Legendary Conservative radio host Rush Limbaugh passed away Wednesday, with his death being announced on-air by his wife Kathryn, who said:
I, like you, very much wish Rush was behind this golden microphone now, welcoming you to another exceptional 3 hours of broadcasting. It is with profound sadness I must share with you directly that our beloved Rush, my wonderful husband, passed away this morning due to complications from lung cancer.
Describing himself as a “lover of mankind,” the “doctor of democracy,” a “harmless, lovable little fuzz ball,” and an “all-around good guy,” he was notable for his constant assertion that he had “talent on loan from God,” a gift he will ostensibly now have to give back.
Rush took to the air several months ago and cited his faith as a comfort to him as his health began to decline, explaining:
I have a personal relationship with Jesus Christ. It is of immense value, strength, confidence. That’s why I’m able to remain fully committed to the idea that what is supposed to happen will happen when it’s meant to.
The 70-year old political commentator shared last February that he has been diagnosed with Stage-4 lung cancer, a sickness which had a grim prognosis and which treatment focuses on slowing the progression of the disease, seeking to maintain quality of life, and minimizing symptoms wherever possible rather than curing it. [Editor’s note: This is known as “palliative care.”]
Limbaugh said back in October, speaking to 20 million listeners:
I feel more and more blessed hearing from you, knowing that you’re out there praying and everything else you’re doing. That is a blessing. It’s just a series of blessings. And I’m grateful to be able to come here to the studio and tell you about it and really maintain as much normalcy as I can…the only thing that any of us are certain of is right now, today. That’s why I thank God every morning when I wake up. I thank God that I did. I try to make it the best day that I can…I try to remain as committed to the idea that what’s supposed to happen will happen when it’s meant to.
I mentioned at the outset of this, on the first day I told you, that I have a personal relationship with Jesus Christ. It is of immense value, strength, confidence, and that’s why I’m able to remain fully committed to the idea of what is supposed to happen will happen when it’s meant to. There’s some comfort in knowing that some things are not in our hands. There’s a lot of fear associated with that too, but there is some comfort. It’s helpful to be able to trust and to believe in a higher plan.
While Rush had long spoken of his belief in God, it had always been in more generic types of reference, eschewing talk of repentance and faith in Christ with more broad terms and phrases such as, “This country needs to understand the importance of religion,” and “I believe in God.”
Even during the initial cancer revelation back in February, he said, “I told the staff today that I have a deeply personal relationship with God that I do not proselytize about, but I do, and I have been working that relationship tremendously.”
The fact that Rush was giving specific reference to Jesus and having a “personal relationship” with Christ was a new development for Limbaugh, and a sign that ought to give hope that we will see him in heaven one day.
Rush’s Brother, David, a well-known political commentator in his own right, is a professing evangelical Christian, and we can only pray that he ministered to Rush as the end grew near, helping him truly understand the gift of faith and everlasting life.
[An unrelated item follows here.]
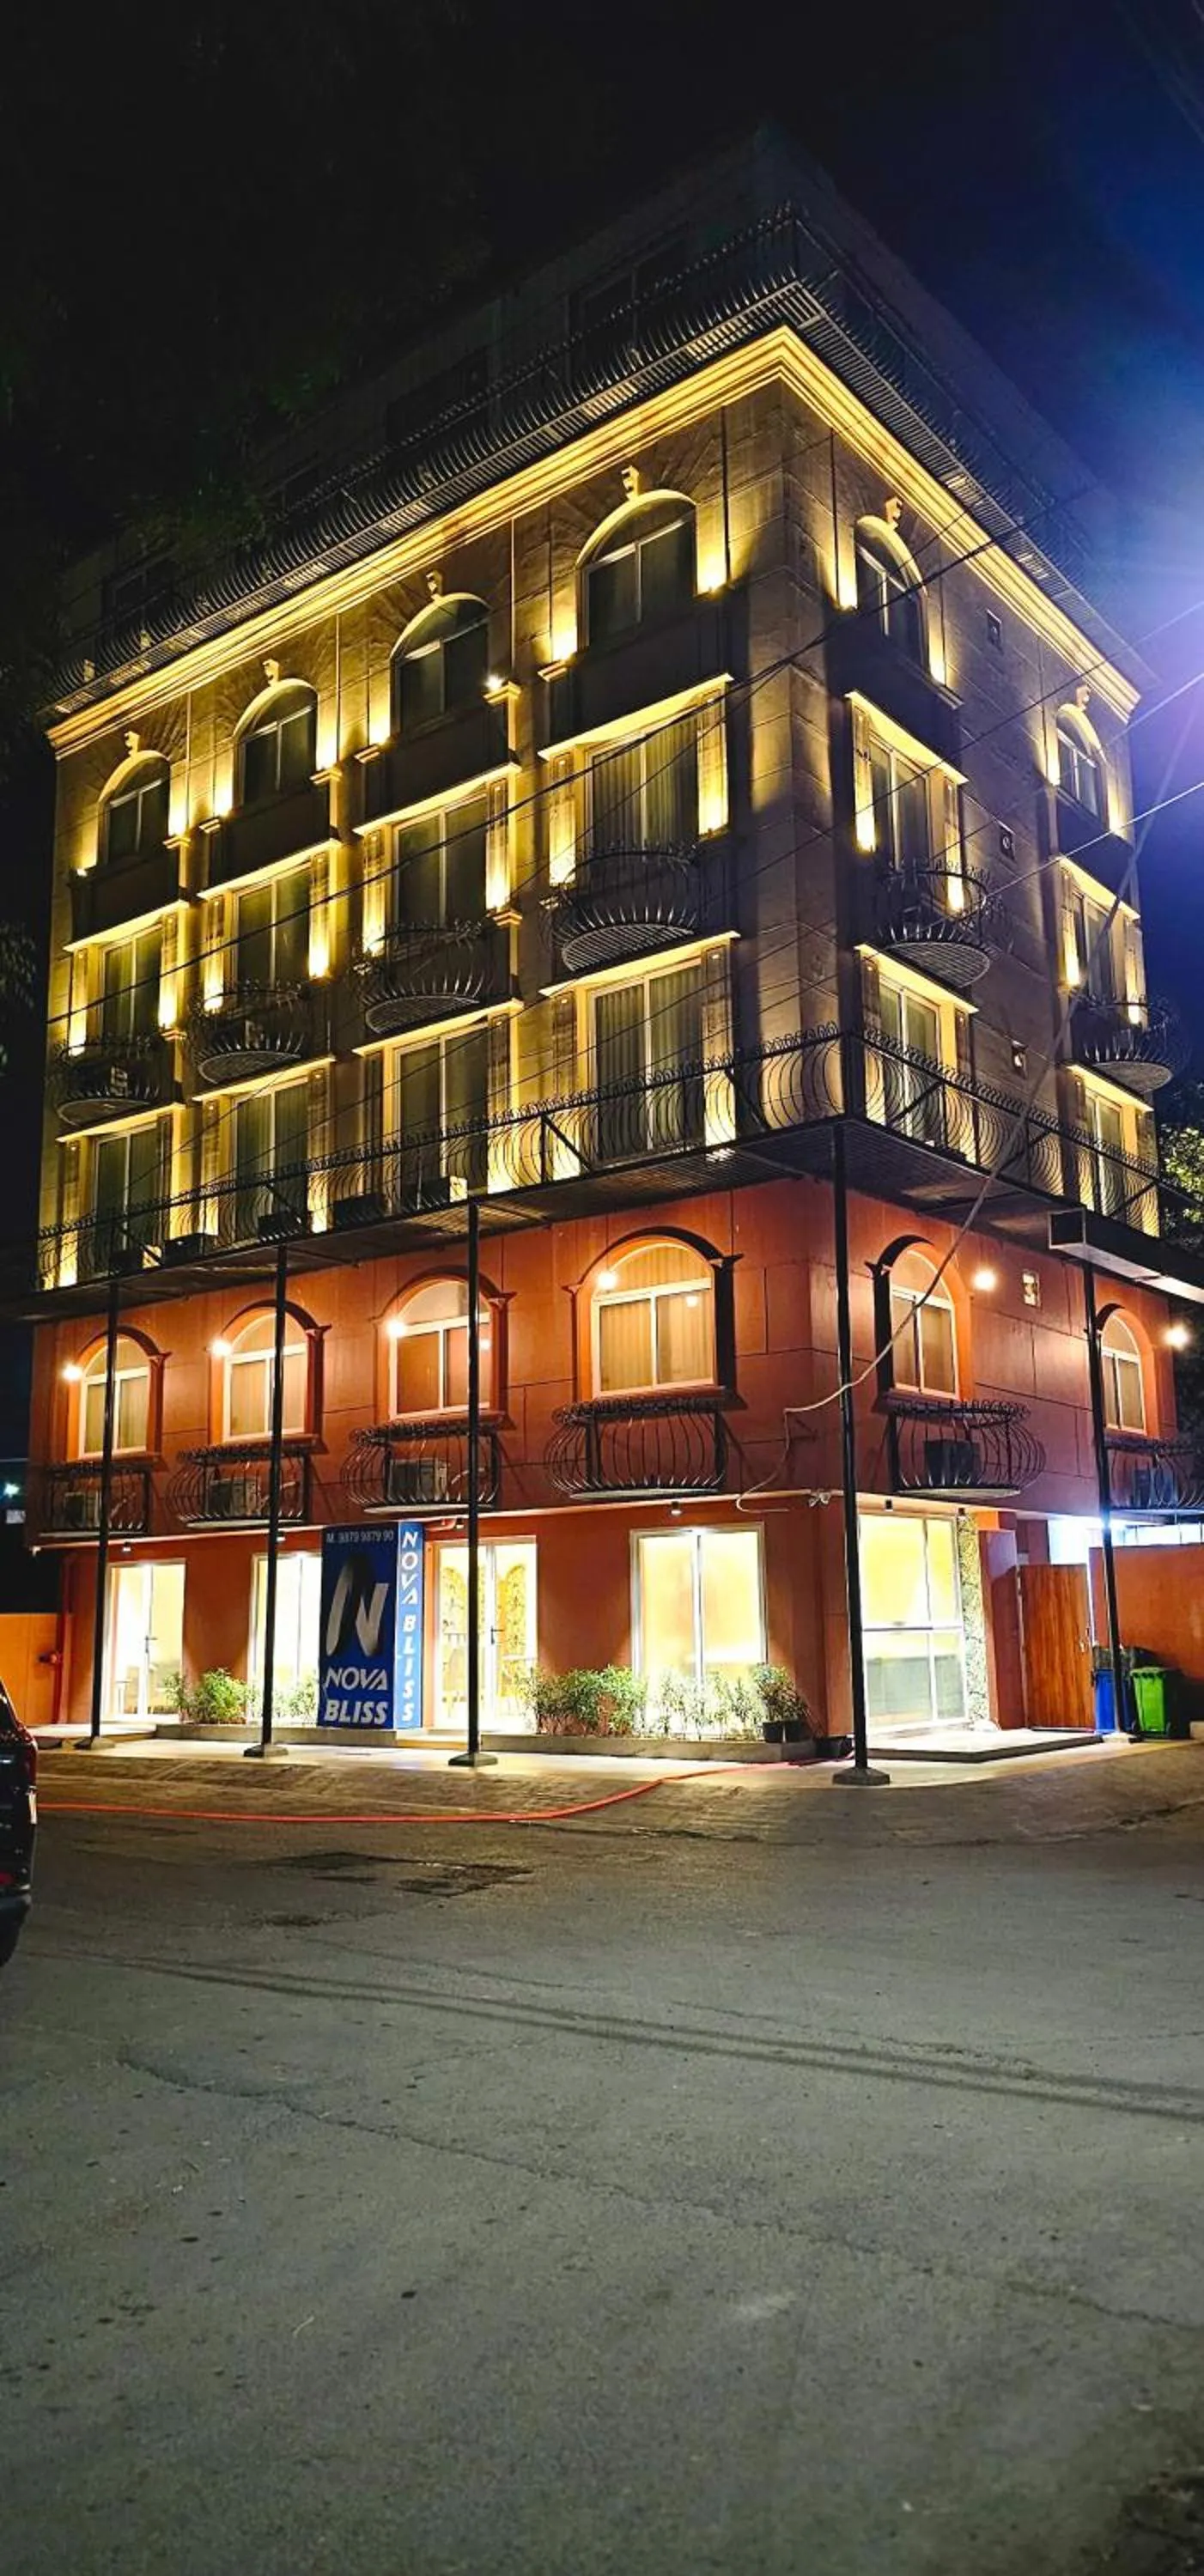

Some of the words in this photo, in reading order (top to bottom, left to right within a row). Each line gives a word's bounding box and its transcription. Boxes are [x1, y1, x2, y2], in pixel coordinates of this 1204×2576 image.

[401, 1531, 418, 1605] NOVA
[325, 1667, 388, 1690] NOVA
[402, 1614, 417, 1722] BLISS
[324, 1699, 388, 1724] BLISS
David has so far not indicated any comments as to Rush’s spiritual state when he passed, writing only that “I’m not ready to speak yet but I’m so proud of my amazing, loving brother. Thousands of you have shared how much he meant to you. My brother was the real deal. I can’t describe how sad I am but also how proud I am of my big brother. I love and adore you Rush. Thank you all.”
Editor’s note. Portions of this article were previously published.